Second this! Caviar is more durable. I tend to choose caviar for bigger bags so the shape is maintained vs lambskin for smaller bag since it's so fragile.


----------



## jmen

It really does come down to the use and as most have said and I wholeheartedly agree, go medium lamb w/gold hardware if you want a purse that can transition seamlessly from day to evening use.  It was my first new Chanel years and years ago.  It's been shopping, weddings and funerals.  It is such a functional piece.

If you are looking for an every day piece that holds a lot, you know where I'm going already.  

That said I was 5'11 and the medium worked fine.  I know a lot of ladies of shorter stature carry a maxi or jumbo..  I'd rather notice the person, the outfit first rather than a purse, but we're all different with different perspectives, different needs.  The key is to buy what you love and what works for you and there will be less chance of regret.


----------



## ecmf

I voted for the med. my first Chanel bag is the black cav med with gold hw. IMO it's "the" classic Chanel size. it's much nicer for night than the jumbo IMO and looks great with any outfit. 

it is on the small side but I can fit my iPhone, keys, lv agenda, sunnies, coin purse and lip stick with over filling it. 

good luck.


----------



## ladybaby78

ecmf said:


> I voted for the med. my first Chanel bag is the black cav med with gold hw. IMO it's "the" classic Chanel size. it's much nicer for night than the jumbo IMO and looks great with any outfit.
> 
> it is on the small side but I can fit my iPhone, keys, lv agenda, sunnies, coin purse and lip stick with over filling it.
> 
> good luck.


 

ITA with ecmf. Another vote for M/L. I have had mine for a year now and take it with me for shopping trips and dinners. Love it to death!


----------



## viciel

I've always been partial to the m/l flap


----------



## ChanelHoarder

amberle said:


> Thanks darling for the explanation!If I buy the jumbo size I would prefer lambskin, do you also think, as other members above, that is better caviar for jumbo?Is it a bad idea lambskin for the jumbo size since it is more fragile?
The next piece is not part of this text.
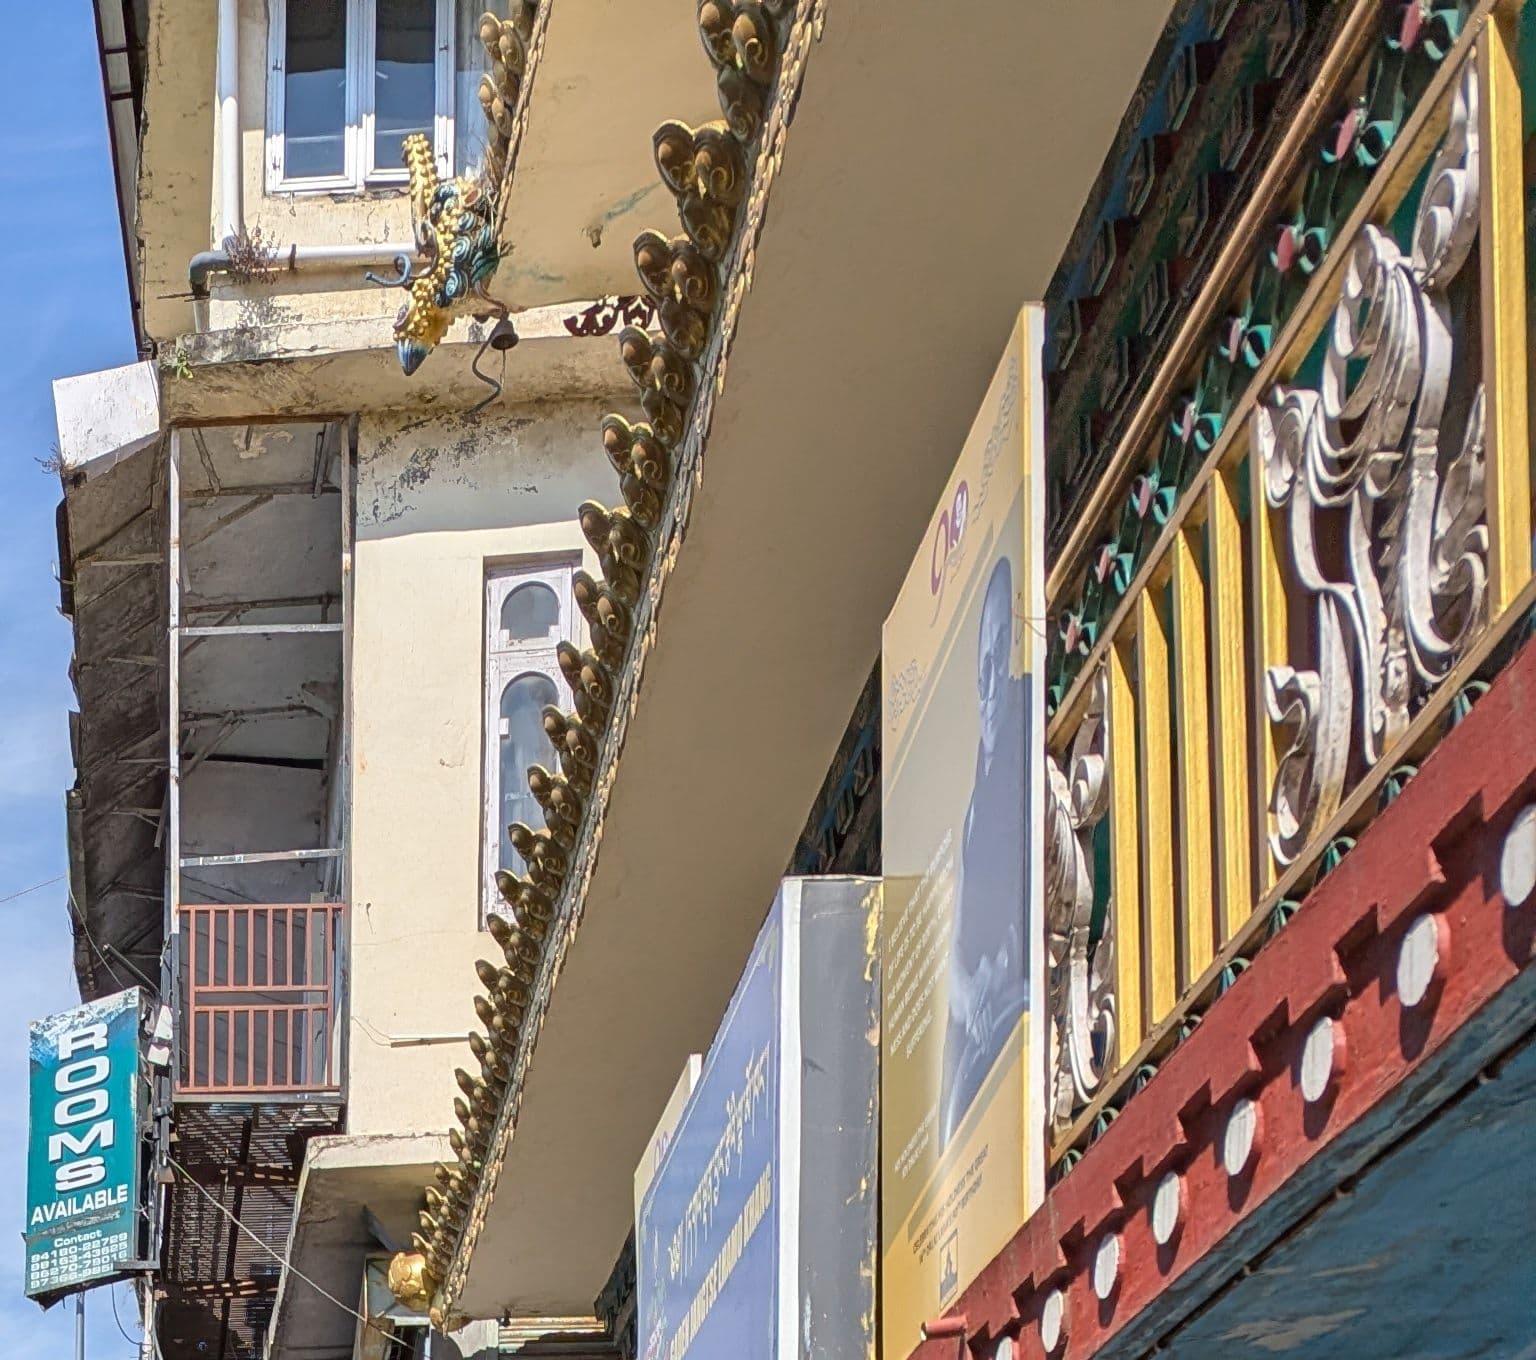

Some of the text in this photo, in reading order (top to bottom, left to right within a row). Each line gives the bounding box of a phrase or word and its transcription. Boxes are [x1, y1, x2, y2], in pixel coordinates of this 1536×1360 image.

I actually prefer lambskin but it has to be something you are comfortable with! Lambskin is not AS delicate as it's made out to be, but you do have to care for it more so than caviar. IF you feel like you'll worry about lambskin all the time and feel that would bother you, I would suggest with going for caviar. Like I said though, I am partial towards lambskin ! It's my personal favorite.  The feel of lambskin is completely buttery and so luxurious! You can sometimes even rub out some scratches if you get them on your lambskin too (not all, especially if they're deep cuts!) An example, if you run your nail along it on accident, that will come out quite easily just by rubbing over it!  HTH!


----------



## ChanelHoarder

Oh and I lovee what these lovely TPFers had to say!!

*
girlsnstilettos
m4gg1ech1u
jmen
ecmf*


----------



## krawford

Jumbo.  Perfect size.


----------



## Mimster

Well, you know what I would pick.  As others have mentioned, it all boils down to what YOU want out of this bag.  I agree that caviar is more resistant to minor bumps or scratches but lambskin is not as delicate as you think.  Minor scratches can be rubbed away with your fingers.


----------



## hanaerika

I agree with the jumbo size too cause you can use it in party and also casual


----------



## Luccibag

To be honest with you, when I first bought a chanel flap I was going to get a medium large size but since it was only $100 more for a jumbo, I couldnt help but go for it.  It felt like twice the bag !


----------



## tryagain

jumbo ! day n night ! capacity is alright !


----------



## meerkat

Serrazane said:


> I second that!



Agreed totally though jumbo can contain more. Medium lambskin with GHW is THE ultimate classic


----------



## amberle

ChanelHoarder said:


> I actually prefer lambskin but it has to be something you are comfortable with! Lambskin is not AS delicate as it's made out to be, but you do have to care for it more so than caviar. IF you feel like you'll worry about lambskin all the time and feel that would bother you, I would suggest with going for caviar. Like I said though, I am partial towards lambskin ! It's my personal favorite.  The feel of lambskin is completely buttery and so luxurious! You can sometimes even rub out some scratches if you get them on your lambskin too (not all, especially if they're deep cuts!) An example, if you run your nail along it on accident, that will come out quite easily just by rubbing over it! HTH!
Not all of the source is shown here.